When you get the green arrow, you take your own left turn, headed in the opposite direction to work. The library where you work feels like a church with books. Right in the middle of the city, it smells of old pages and dust. The spiced vanilla candle on the corner of your desk adds a scent that is reminiscent of incense.

The outside of the library is made of gray stone and some of the inside architecture still has dark wooden floors that creak. While the shelves themselves are no longer wooden, the ends of each aisle are capped with the same dark wood as the floors. Then there is the carousel. Set in the middle of the children’s section, the replica carousel looks as if it belongs in a mall or an old amusement park instead of a library, with bright colors and smelling of varnished wood, but with reading nooks hidden among the dancing horses.
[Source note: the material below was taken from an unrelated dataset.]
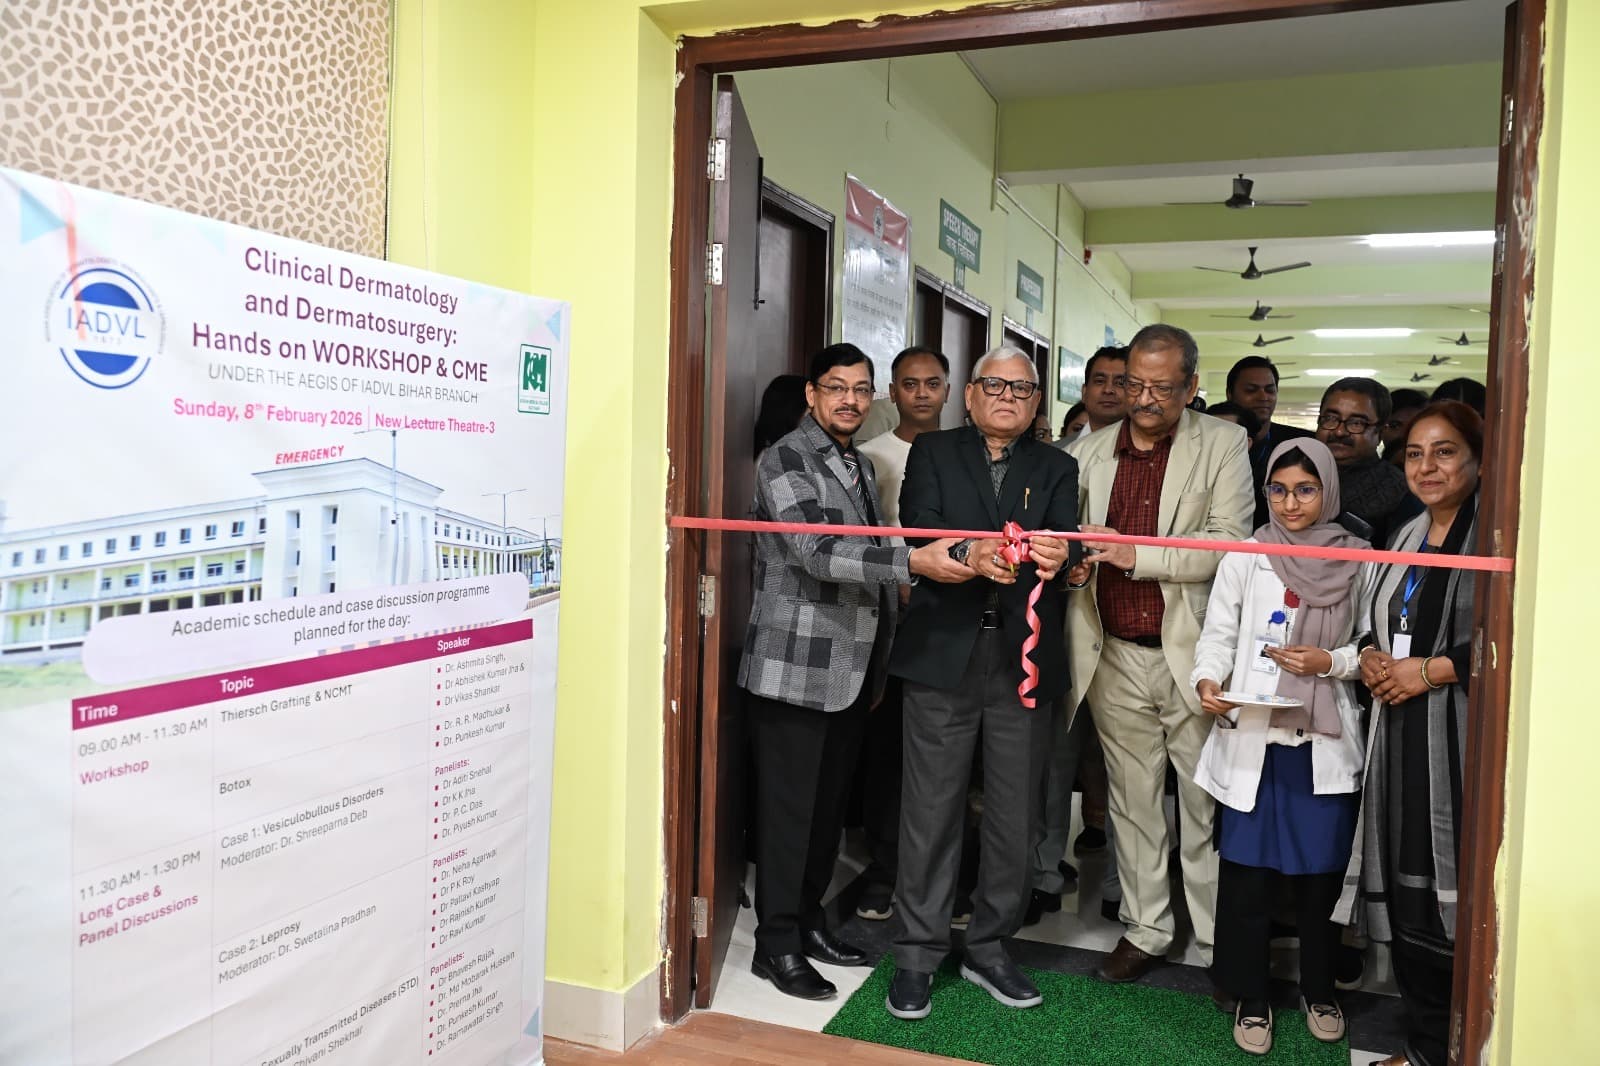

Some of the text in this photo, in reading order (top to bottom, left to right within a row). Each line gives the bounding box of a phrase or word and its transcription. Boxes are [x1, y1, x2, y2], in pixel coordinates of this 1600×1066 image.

The rest of the library has more traditional sitting and reading areas—study carrels, chairs, and yellow vinyl cushioned couches. On several of these couches, the homeless people rest.
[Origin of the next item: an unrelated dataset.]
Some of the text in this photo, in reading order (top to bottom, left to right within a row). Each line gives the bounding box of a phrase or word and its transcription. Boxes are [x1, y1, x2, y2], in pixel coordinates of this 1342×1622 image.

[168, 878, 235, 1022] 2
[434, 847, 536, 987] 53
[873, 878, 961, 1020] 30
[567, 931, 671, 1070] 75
Teresa comes in every day. Today, she is dressed in a blue suit that looks like it might have been the cast off from a flight attendant from the seventies, but as always, it’s clean and she’s wearing red lipstick. She has read every Shakespeare play and is currently sitting in one of the comfier chairs reading Herodotus, another favorite. She speaks with a British accent that occasionally lapses into an American one by the end of the day. It is not obvious she is homeless. No one knows except you that she lives in a an empty trailer home with a blown-out roof near the abandoned golf course two miles away and walks here every day to have something to do, a place to go other than the weeds or along the street. The library is a sanctuary for homeless people.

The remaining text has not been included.